The [2 + 2] photocycloaddition of monothiomaleimides (MTMs) has been exploited for the photocrosslinking of polyacrylamides. Polymer scaffolds composed of dimethylacrylamide and varying amounts of d,l-homocysteine thiolactone acrylamide (5, 10, and 20 mol %) were synthesized via free-radical polymerization, whereby the latent thiol functionality was exploited to incorporate MTM motifs. Subsequent exposure to UV light (λ = 365 nm, 15 mW cm -2 ) triggered intermolecular crosslinking via the photodimerization of MTM side chains, thus resulting in the formation of polyacrylamide gels. The polymer scaffolds were characterized using Fourier transform infrared spectroscopy, UV-visible spectroscopy, 1 H NMR spectroscopy, and size exclusion chromatography, confirming the occurrence of the [2 + 2] photocycloaddition between the MTM moieties. The mechanical and physical properties of the resulting gels containing various MTM mol % were evaluated by rheology, compression testing, and swelling experiments.
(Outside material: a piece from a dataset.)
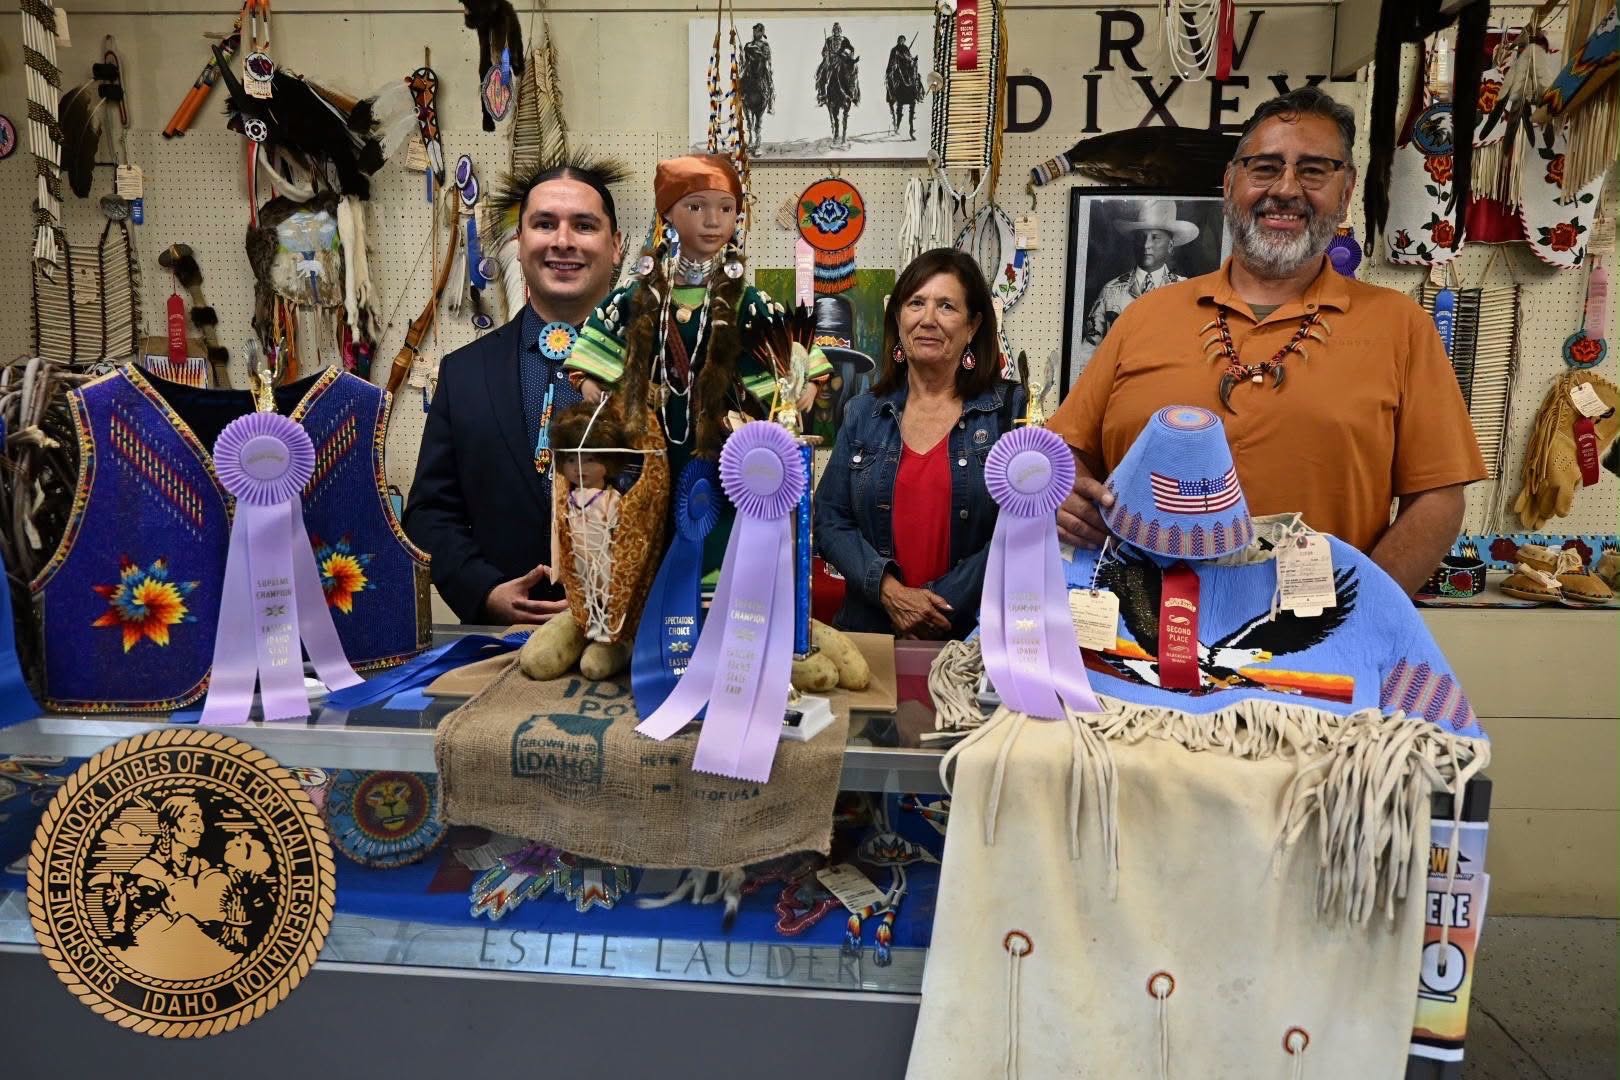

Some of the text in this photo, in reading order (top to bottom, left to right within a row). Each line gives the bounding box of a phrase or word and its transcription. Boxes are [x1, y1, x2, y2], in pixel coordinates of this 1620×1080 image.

In addition, scanning electron microscopy was used to characterize the xerogel morphology of 5 and 10 mol % MTM hydro- and organo-gels. The macro-porous morphology obtained for the hydrogels was attributed to phase separation due to the difference in solubility of the PDMA modified with thiolactone side chains, provided that a more homogeneous morphology was obtained when the photo-gels were prepared in DMF as the solvent.